8 FEBRUARY 2003, Page 17

Banned wagon: global

A weekly survey of world restrictions on freedom and free trade THE genius of modern Europe is to have honed protectionism to such an art that in the minds of many Europeans it is synonymous with civilisation itself. It is hard to imagine that some of Europe's greatest cities — Venice, Antwerp, Amsterdam — were founded on the riches of free trade, when the current epitome of European cultural achievement is the bottle of so-so French wine which holds its place on the supermarket shelf thanks only to subsidy and tariff.
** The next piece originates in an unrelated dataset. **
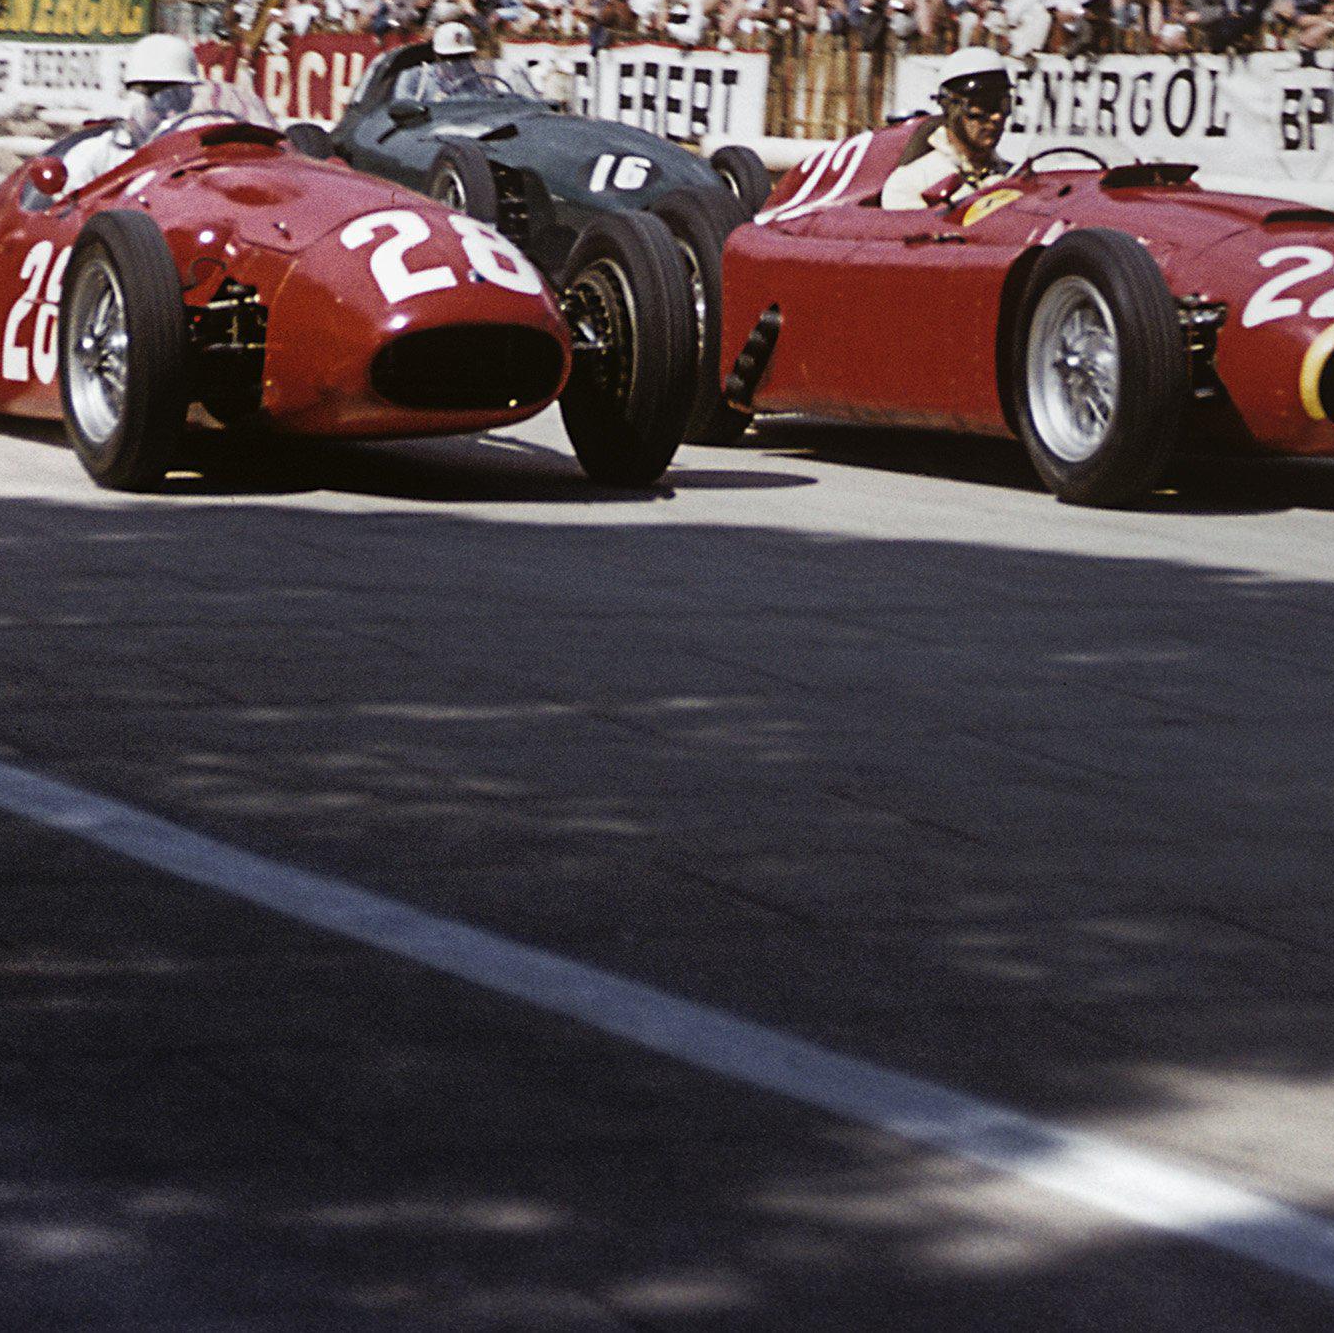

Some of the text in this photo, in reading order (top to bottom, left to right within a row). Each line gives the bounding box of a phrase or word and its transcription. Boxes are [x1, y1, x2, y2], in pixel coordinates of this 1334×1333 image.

[1010, 69, 1231, 137] ENERGOL
[589, 153, 652, 193] 16
[340, 209, 543, 304] 28
One can see that EU protectionism has certain benefits for the producers — although not in the longer term, since there is a resultant tendency for their businesses to evolve into Mickey Mouse enterprises. But what benefit can possibly accrue to the consumer? Plenty, according to the German consumer affairs minister, Renate Kunast. She has come up with the novel theory that bargains in the shops are had for customers. Low prices, she claims, lead to low-quality goods and less consumer choice. She wants to ban shops from holding sales, effectively reinstating a I930s law that was repealed only last year.

Has this great consumer champion never visited a British supermarket, which has bargains galore but, compared with its German equivalent, is a cornucopia? Just try buying a roll of kitchen paper at Tesco. Nor does the evidence support the idea that low prices detract from quality. Several years ago, a price war led British supermarkets to sell loaves of sliced white bread at twopence each. The quality end of the bread market, it turned out, was entirely unaffected: people who wanted the calories at the cheapest price were happy with their twopenny loaves; those who wanted to enjoy their bread were happy to pay 50 times as much.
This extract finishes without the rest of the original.